I've never had much luck with fish or shrimp controlling algae. I honestly think by the time we can see algae in our tanks, it has already progressed past the point of fish or shrimp being able to control it. SAEs seem to prefer regular fish food over algae in my experience. Maybe if you don't feed any fish food you will have better luck with them than I did


----------



## azzazal (Dec 27, 2007)

thank you everyone for your help.
i did a 50% water change. 
i tested the water in the tank for phosphorus, which i have never done.
eekkk!!! over 10!!!
i tested the tap water, there is no phosphorus in that
so, i did the 50% change
vacuumed as best i could

still over 10 for the levels
geez!!!


----------



## MatPat (Mar 22, 2004)

azzazal said:


> thank you everyone for your help.
> i did a 50% water change.
> i tested the water in the tank for phosphorus, which i have never done.
> eekkk!!! over 10!!!
> ...


How were your nitrates, were they high as well? Don't put too much faith in your test kits unless you have calibrated them. I would still look at your lighting as the cause along with a lack of carbon for the tank. If you don't want to add a carbon source either drop your lighting to around the 2wpg level or shorten the photoperiod.


----------



## azzazal (Dec 27, 2007)

my nitrates are at 0
i even tested the tap water that i use...it's all 0


----------



## MatPat (Mar 22, 2004)

Having no nitrates is more than likely the cause of your algae (along with the lack of a carbon source and high light). Plants need nitrates and phosphates along with micro nutrients to grow. You are supplying all of these with the Flourish but probably not enough considering your light level. 

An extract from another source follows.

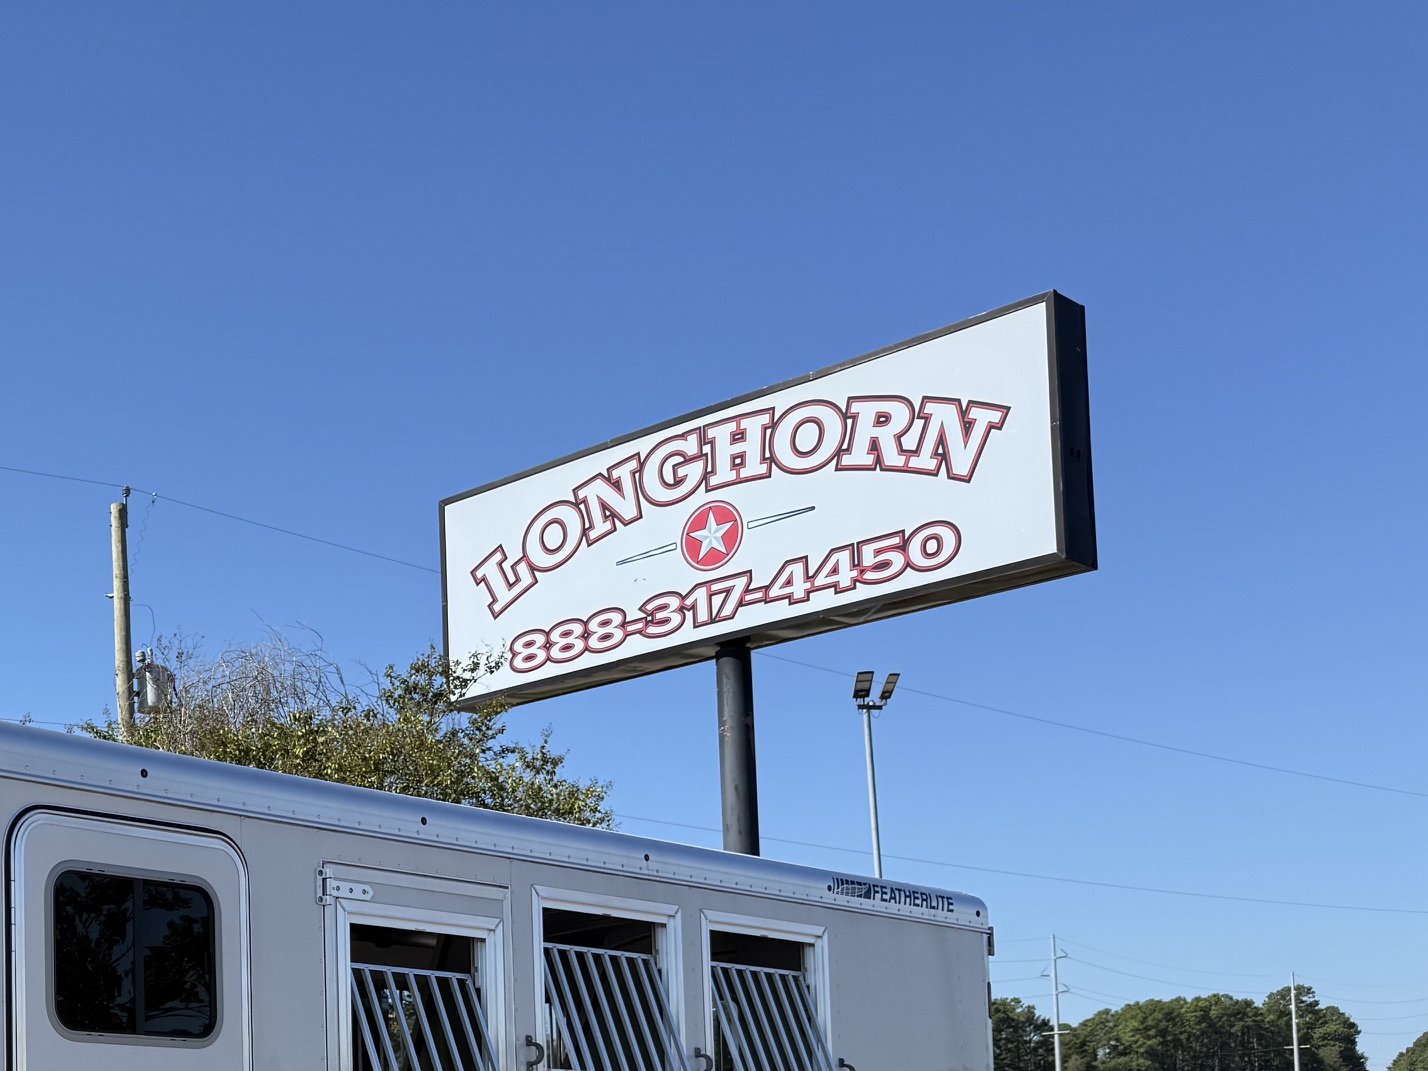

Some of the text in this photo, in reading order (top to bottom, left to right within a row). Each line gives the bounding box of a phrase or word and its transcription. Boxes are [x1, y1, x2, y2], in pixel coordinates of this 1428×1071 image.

I wouldn't worry about the high PO4 as much as I would worry about the low NO3 levels. I would either get some Flourish Nitrogen (or whatever they call it) or get some KNO3 (potassium nitrate) and start adding it to the tank. KNO3 will be much cheaper.

It would appear your high phosphates have caused the plants to use up any NO3 that is in your tank. This will slow plant growth and allow the algae to start appearing. If you have not experienced any other types of algae yet, you probably will if you don't start adding some NO3 to the tank


----------



## azzazal (Dec 27, 2007)

my phospate level is still crazy. and i even added phosphate remover to the filter. i scrubbed off all the algea from the plants. it's back. so, i ordered flourish nitrogen. should i replace all the plants as well?


----------



## MatPat (Mar 22, 2004)

There is no need to replace your plants they will outgrow the algae is you put the advice to use that you have already been given. 

Until you either address the lack of a carbon source in your tank (add either CO2 or Flourish Excel) *or* reduce the intensity or photoperiod of your lights _*and*_ add some nitrates to your tank, you will probably battle algae.

Don't worry so much about what you perceive to be excess phosphates until you address the lack of nitrates. According to the City of Dayton, 6ppm of phosphates are in my tap water and I dose based on keeping my tank at 2ppm (not including the City's addition of 6ppm). I don't have algae issues with this amount of PO4 until I let my nitrates drop to zero.


----------



## azzazal (Dec 27, 2007)

MatPat said:


> There is no need to replace your plants they will outgrow the algae is you put the advice to use that you have already been given.
> 
> Until you either address the lack of a carbon source in your tank (add either CO2 or Flourish Excel) *or* reduce the intensity or photoperiod of your lights _*and*_ add some nitrates to your tank, you will probably battle algae.
> 
> Don't worry so much about what you perceive to be excess phosphates until you address the lack of nitrates. According to the City of Dayton, 6ppm of phosphates are in my tap water and I dose based on keeping my tank at 2ppm (not including the City's addition of 6ppm). I don't have algae issues with this amount of PO4 until I let my nitrates drop to zero.


ah, so i need flourish excel. i tried playing with the lights for a few weeks. didn't make a difference. and i do have 0 nitrates. carbon source? like the carbon in the filter?


----------



## MatPat (Mar 22, 2004)

No, Flourish Excel is a carbon source for your plants (it provides no NO3 or PO4) as is CO2 (carbon dioxide). Granulated carbon you put into your filter is not a carbon source for the plants  

Given you have no carbon source in your tanks, the reduction of your photoperiod or the intensity of light will take several weeks to notice any difference if you notice a difference at all. You have a good amount of light over your tank (65w + 15w = 80w) or over 3wpg. Adding Flourish Excel will be a big help in eliminating your algae woes assuming you also add some NO3 for the plants. Adding either the Flourish Excel or Flourish Nitrogen alone will be a help but adding both will be much better.


----------



## azzazal (Dec 27, 2007)

thank you, eventually i will get the hang of this!!! rayer:
hopefully before i kill all my poor fish!

ok, i will pick up both flourish's. excel and nitrogen!

i have great onion plants in the back that i love so much...
but they are so ugly with this algae growing on them.


----------



## BryceM (Nov 6, 2005)

azzazal,

I've been following this thread from afar. I think MatPat's advice is right on. You have quite a bit of light over your aquarium. If your plants don't have the necessary nutrients they won't be able to "use" the available light and you'll battle algae continuously. By far, the most important nutrient after light is CO2. Some dissolves in the water from the air, but most of us supplement with pressurized CO2, DIY CO2 from fermentation, or Flourish Excel. In a high light tank you'll also need to supplement with macro (NO3, PO4, K) and micro (Fe, Mn, Zn, B, & others) nutrients. Don't worry about what the phosphate kit is telling you. I'd worry far more about having zero nitrates. Plants in a high-light setup do not tollerate that.

When I lived in MA I got some great advice from the people at NEAPS. Unfortunately I think the club sort of fell apart, but there are lots of knowledgable people in the area that could help you out. Try sending a PM to Dennis, Texex84, or Vancat. They all live in the area and could give you some hands-on advice.

The best advice I could give you is to reduce your bioload (the supposed algae consumers are probably doing more harm than good) and to start adding CO2.


----------



## azzazal (Dec 27, 2007)

got the flourish excel and flourish nitrogen.
added the recommeded amount.
wish me luck!


----------